Fulfilling a promise it made
last spring, Apple has
posted source code for the core libraries, parts of Foundation, and the raw language compiler for Swift, the company's development language -- including some features planned for the future Swift 3, but published now to gain feedback and assist in development. The move enables a number of new use cases for the language, which is deeply integrated into the company's Xcode IDE.

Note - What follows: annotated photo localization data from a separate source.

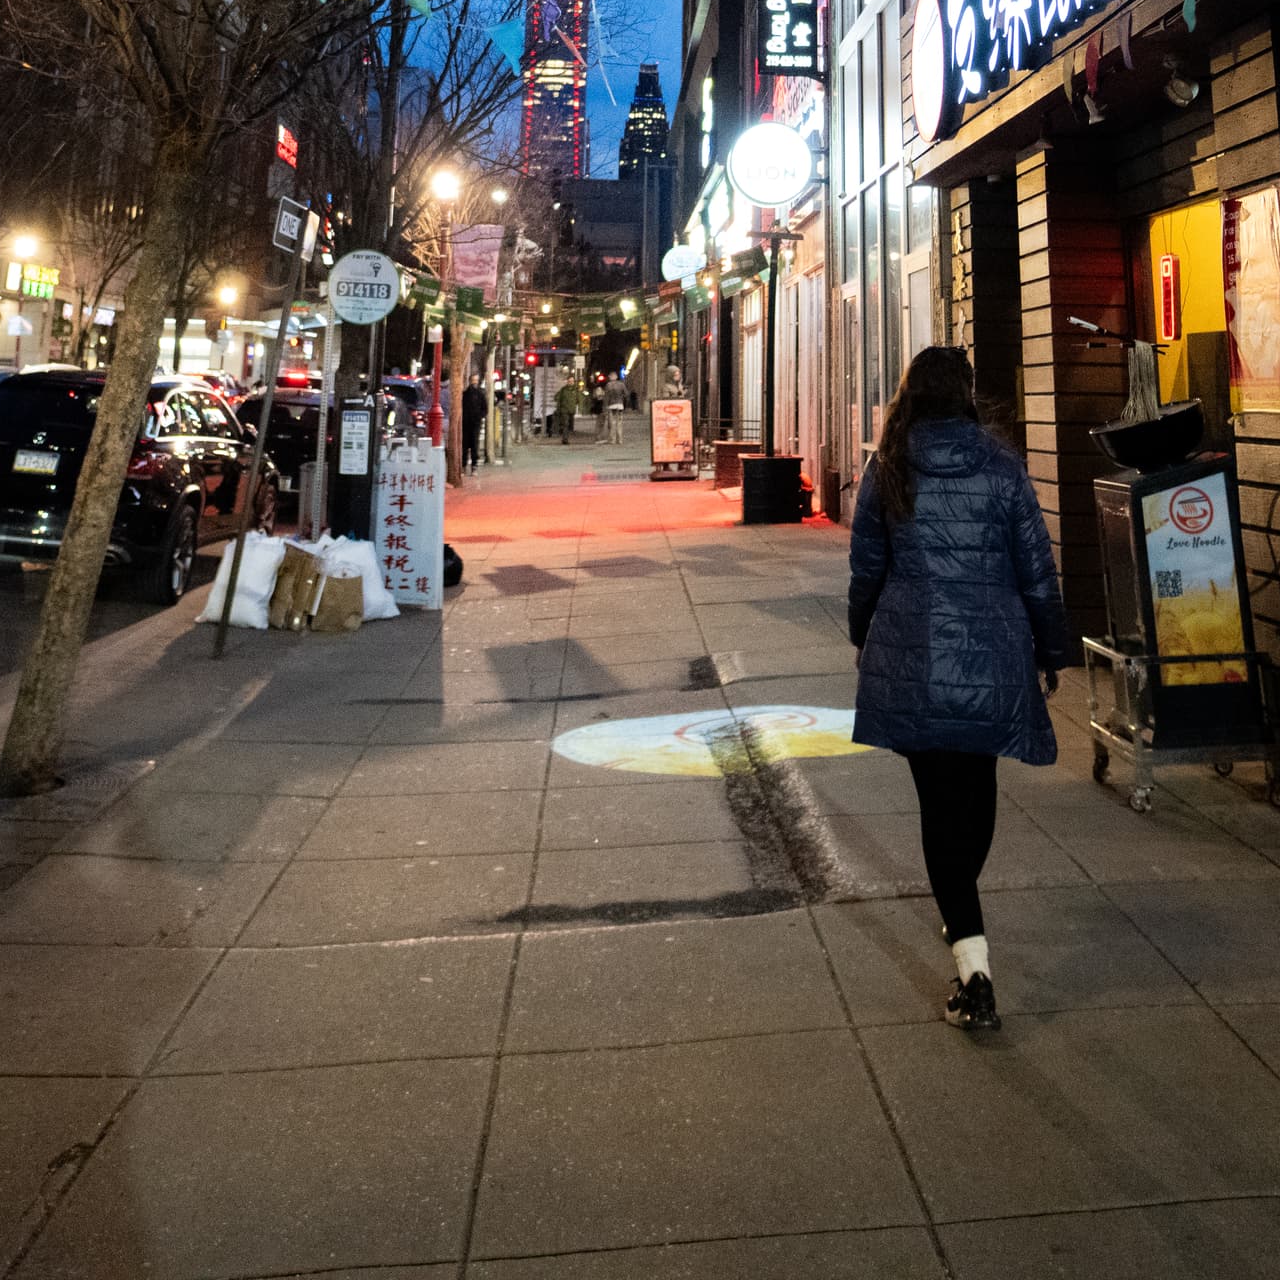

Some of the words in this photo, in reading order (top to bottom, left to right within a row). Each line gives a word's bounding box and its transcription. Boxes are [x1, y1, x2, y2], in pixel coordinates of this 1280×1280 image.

[766, 11, 791, 53] Tang
[338, 281, 389, 299] 914118
[1166, 537, 1191, 550] Love
[1192, 535, 1227, 549] Noodle
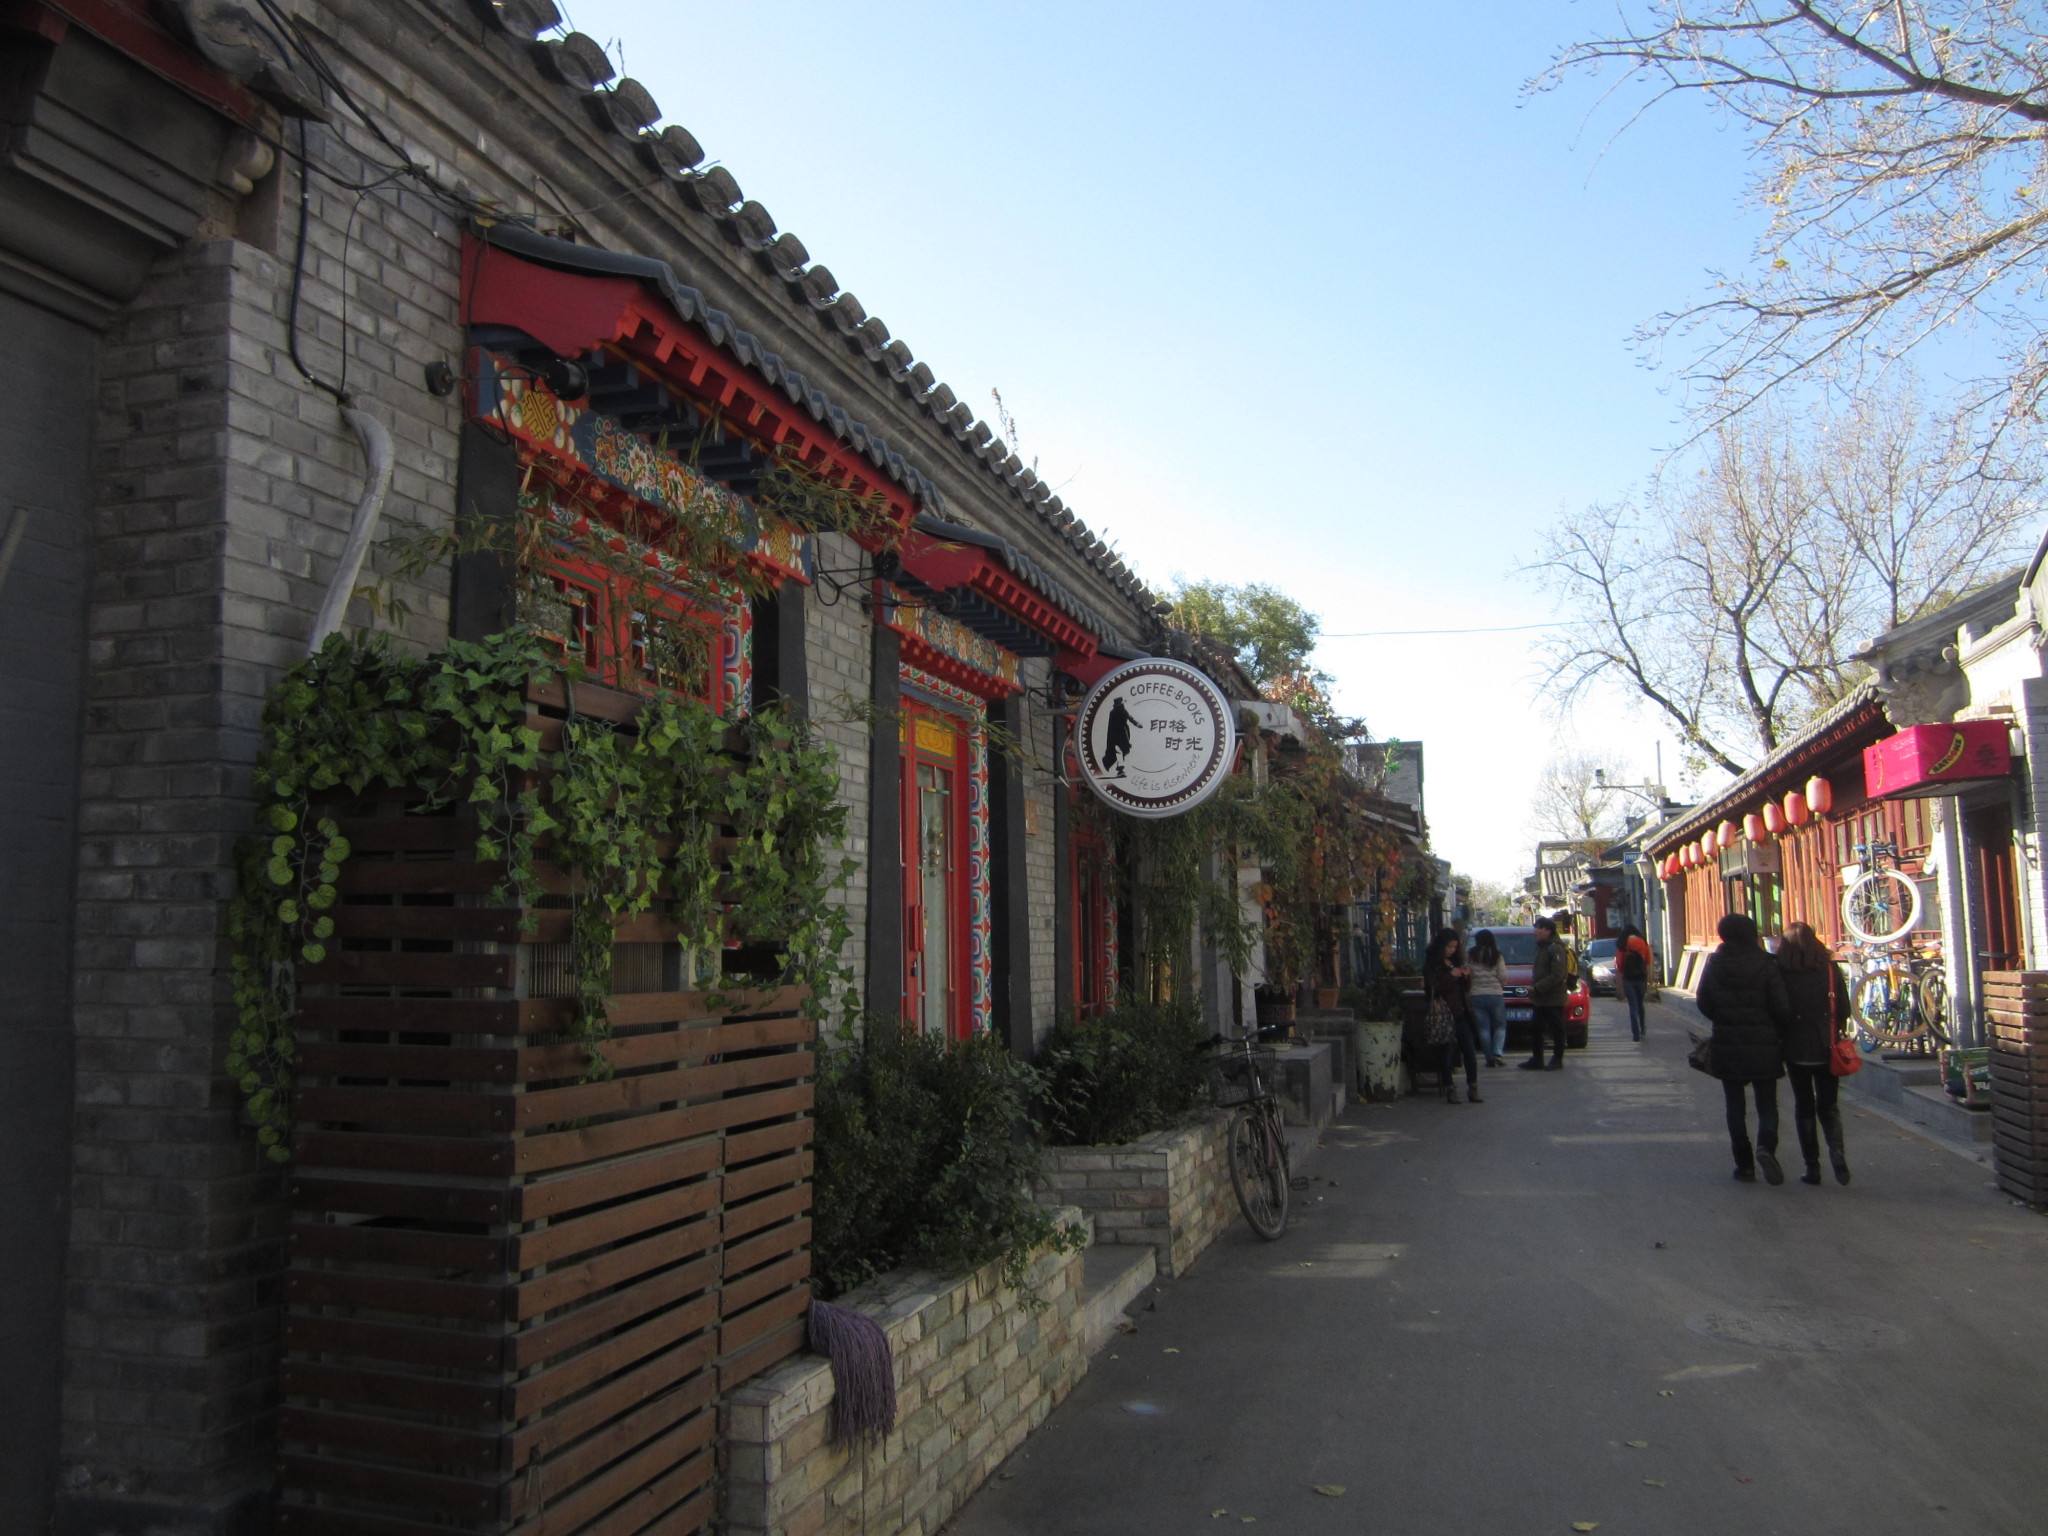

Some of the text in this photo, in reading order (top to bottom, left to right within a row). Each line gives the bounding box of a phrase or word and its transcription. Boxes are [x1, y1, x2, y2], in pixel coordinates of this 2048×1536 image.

[1150, 719, 1187, 733] 印格
[1165, 736, 1203, 751] 时光
[1151, 781, 1161, 791] is

The change will open the language up for peer review and improvement from outside Apple, as well as the possibility of creating apps outside the Xcode environment, theoretically eliminating the need to use Macs to do iOS development, or allowing developers to run the language on a server, for example. The codebase is now hosted on
a GitHub repository, and even includes some components from Apple's proprietary AppKit and UIKit, such as threading and networking features, that are planned for the unannounced but forthcoming Swift 3, which will likely be introduced at next June's Worldwide Developer Conference.
Because Swift is backwards-compatible with Objective-C and C functions, the move to open source will also give a boost to the language's future, by allowing developers to continue development should Apple ever move away from it. Many frameworks, such as the aforementioned UIKit, remain bound to Mac and iOS development, but portions of the code that are native or exclusive to Apple's own products were expected to remain proprietary, and do not affect the open-sourcing of the language as a whole.
Although Apple will have no control over it, in publishing the libraries and code for the language, Apple has asked that developers contribute "small, incremental improvements" rather than wholesale or sweeping changes to the project. Documentation and guidelines for use of the code can be found on the Swift.org site.